8:25pm 36 seconds central mountain time. The apocalypse happens as per the usual evening events. Lybert is unimpressed, his fourth apocalypse, to his memory at any rate. Perhaps tomorrow night he would join the hoards, or perhaps, he would eat prunes, the fate was a tough thing to second guess. Regardless he is left nearly alone. Hobo2000 wanders aimless mimicking its realworld model, spouting off random obscenities, begging for change, and drinking cheap alcohol from a nondescript bottle wrapped with the stereotypical brown paper bag. Lybert wondered what the mornings incarnation of cult suicide victims would bring. Would the human consciousness grid right itself? Would that blasted technology ever work...or is it what is causing all this trouble? Maybe that asparagus he was secretly growing in his closet was illegal...did it matter?

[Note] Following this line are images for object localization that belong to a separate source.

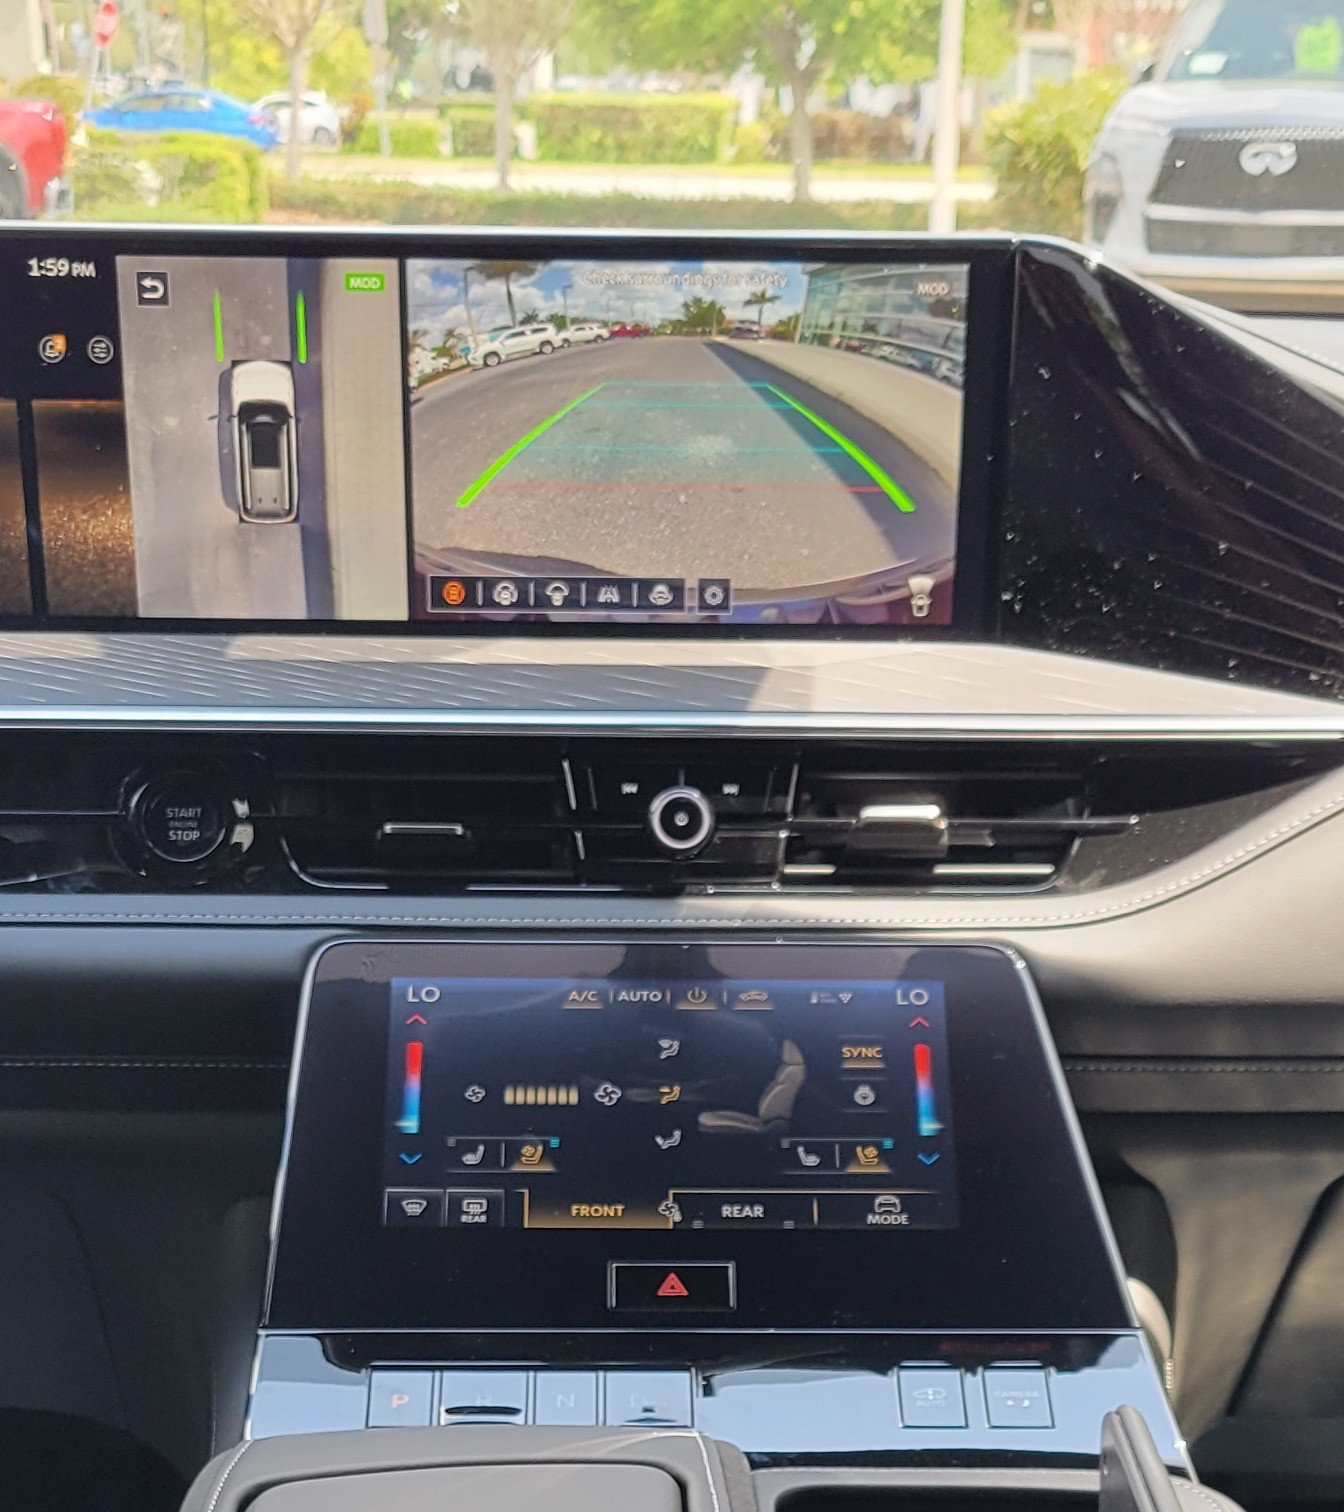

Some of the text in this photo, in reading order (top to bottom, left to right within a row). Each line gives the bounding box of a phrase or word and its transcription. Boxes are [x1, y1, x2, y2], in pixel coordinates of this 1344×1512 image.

[28, 257, 96, 278] 1:59 PM
[349, 277, 382, 290] MOD
[583, 269, 624, 286] Check
[627, 270, 722, 288] surroundings
[723, 269, 742, 286] for
[916, 282, 951, 296] MOD
[166, 807, 202, 818] START
[168, 830, 201, 841] STOP
[407, 986, 441, 1003] LO
[567, 990, 598, 1002] A/C
[618, 991, 662, 1003] AUTO
[896, 989, 929, 1006] LO
[841, 1046, 883, 1058] SYNC
[570, 1204, 625, 1218] FRONT
[721, 1204, 765, 1218] REAR
[460, 1214, 487, 1224] REAR
[867, 1214, 909, 1225] MODE
[391, 1393, 409, 1408] P
[557, 1394, 574, 1408] N
[995, 1390, 1039, 1399] CAMERA
[915, 1400, 946, 1408] AUTO
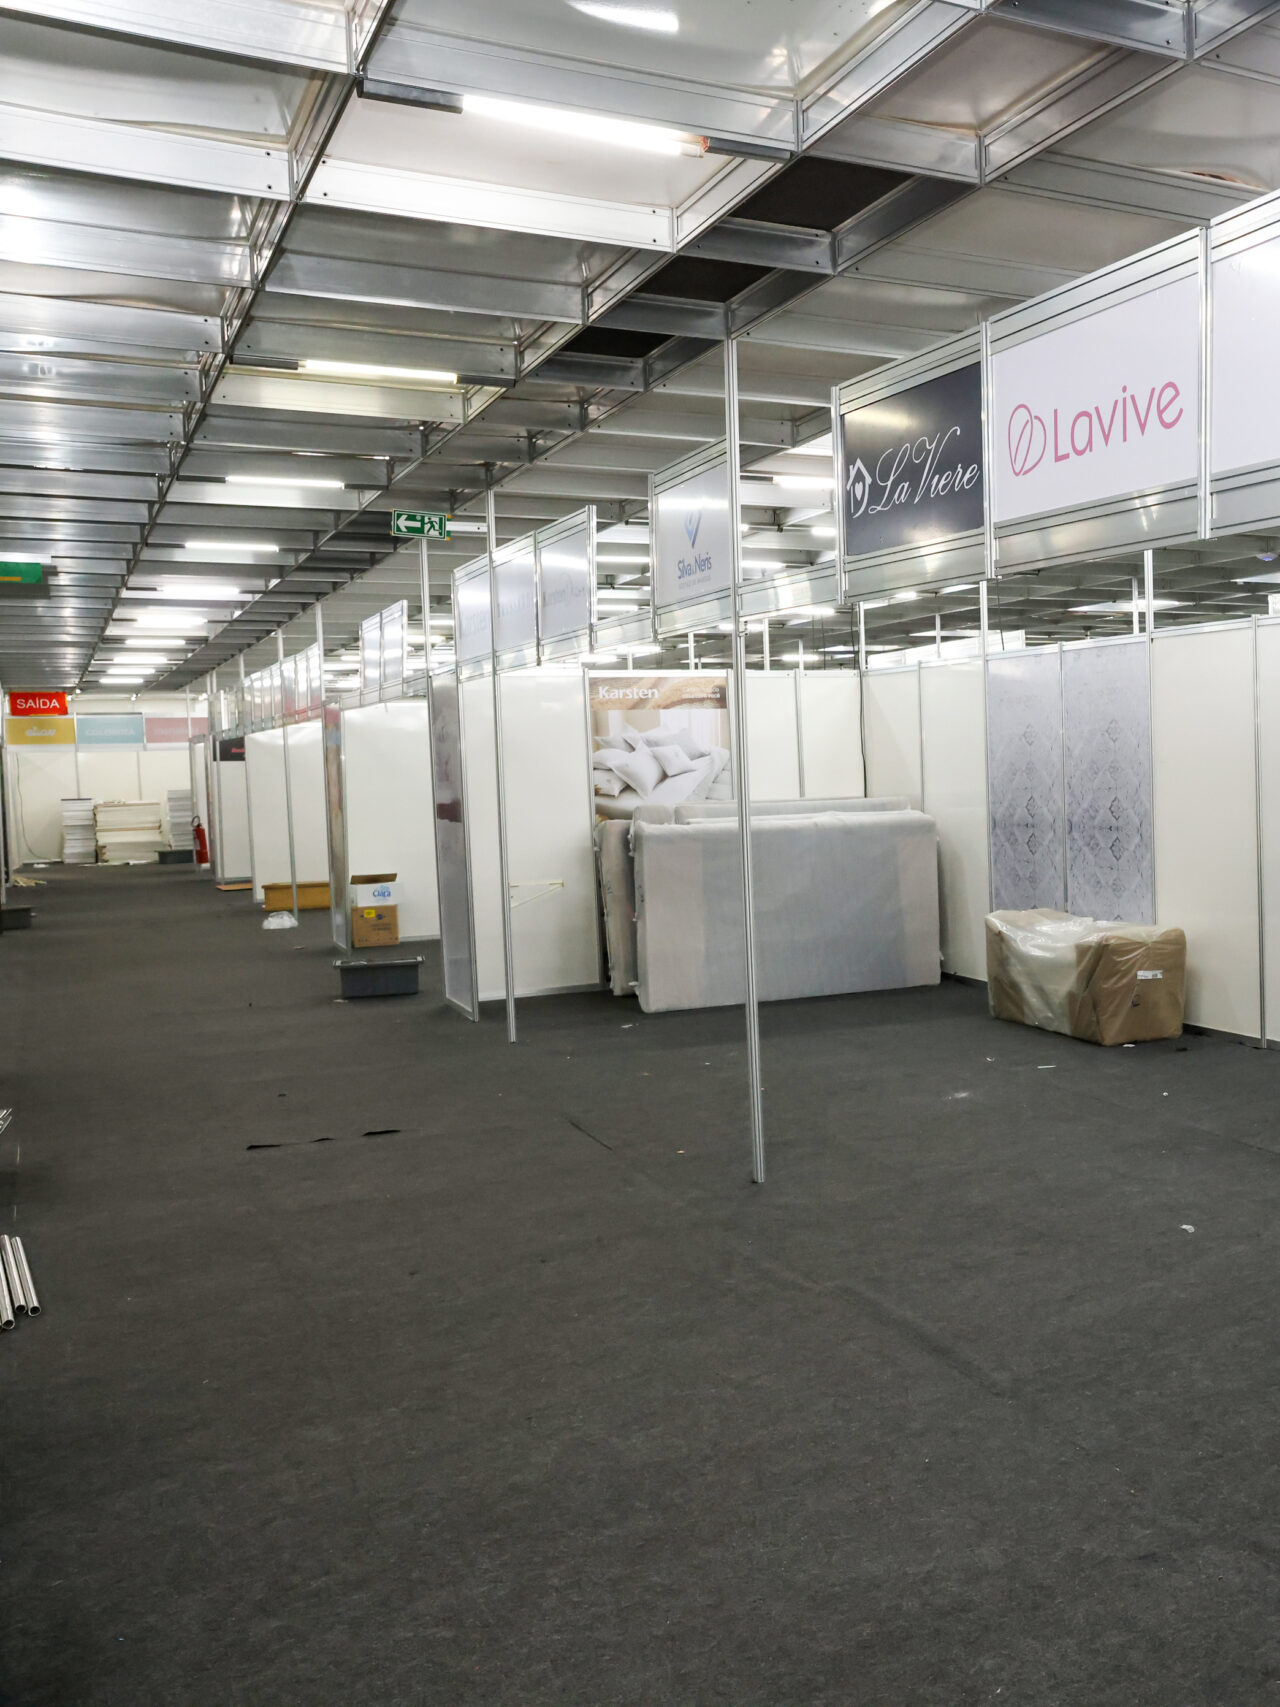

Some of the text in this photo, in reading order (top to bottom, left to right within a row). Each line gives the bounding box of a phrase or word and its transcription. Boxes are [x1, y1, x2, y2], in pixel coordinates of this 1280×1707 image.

Chapter 11 - Friendship Withstanding
He kept a well preserved moth wing as a pet. He had fashioned a little leash out of dental floss so that he could walk his pet moth wing, and had made a cozy little bed out of a matchbox, empty of course, and some felt. He loved his moth wing. The nature of the preservation was unknown to him, but mattered not, as long as his moth wing remained intact, and lifelike, he had a loyal companion. They would go on walks together down by the river to watch the plastic fish float by. Sometimes they would sing songs together about old times. Sometimes they would smoke crack in the park and commit disgusting sexual acts upon the Hobo2000. It was truly a loving, full relationship, Vernon and his cherished moth wing Susie.
Chapter 12 - The Rapture
It was mostly at night that it rained. The rain was unusual as should be expected, the first rain after the apocalypse was always a little unusual. There were few cars, there was none of the usual people noise, at least compared to the daytime non-apocalypse time. Just billions of mass suicide cult victim's strewn about everywhere. If it weren't for the automated clean up technology, the stench would have been far more than anything mortal could tolerate, and would drive the few and remaining non-suicide cult victims to join the ranks post-apocalypse. Only one bar was ever open after the apocalypse, humorously enough named "the rapture". Hank ran the bar, which contrary to its name was, pretty dull in actuality. They served one kind of beer, they had it on tap, in bottles in cans, by the pitcher by the glass, or in a boot. Regardless of carrier...it was still just one kind of beer. The jukebox seemed to be broken, as it continuously played the same 45 at 75 speed. No one ever really noticed, and the few that did notice, didn't seem to mind. The pool table only had one ball...and it was rumored that Hank was of similar physical standing. Lybert entered "The Rapture" on this particular apocalypse, in a vane attempt to break the monotony of his daily life, nothing unusual ever happened...same old same old.
He ordered a beer, to be different he got it in a boot. It was barely alcoholic, flat, and tasted suspiciously more like urine than beer, yet he drank it anyway. The boot was a quaint pseudo-snake scale pink little number with stilletto heels, that had been left at the bar one night and never reclaimed. It was believed to have been once owned by the ex-president of Lutpo Motor Co. The only motor car manufacturer left, after the great "scandal."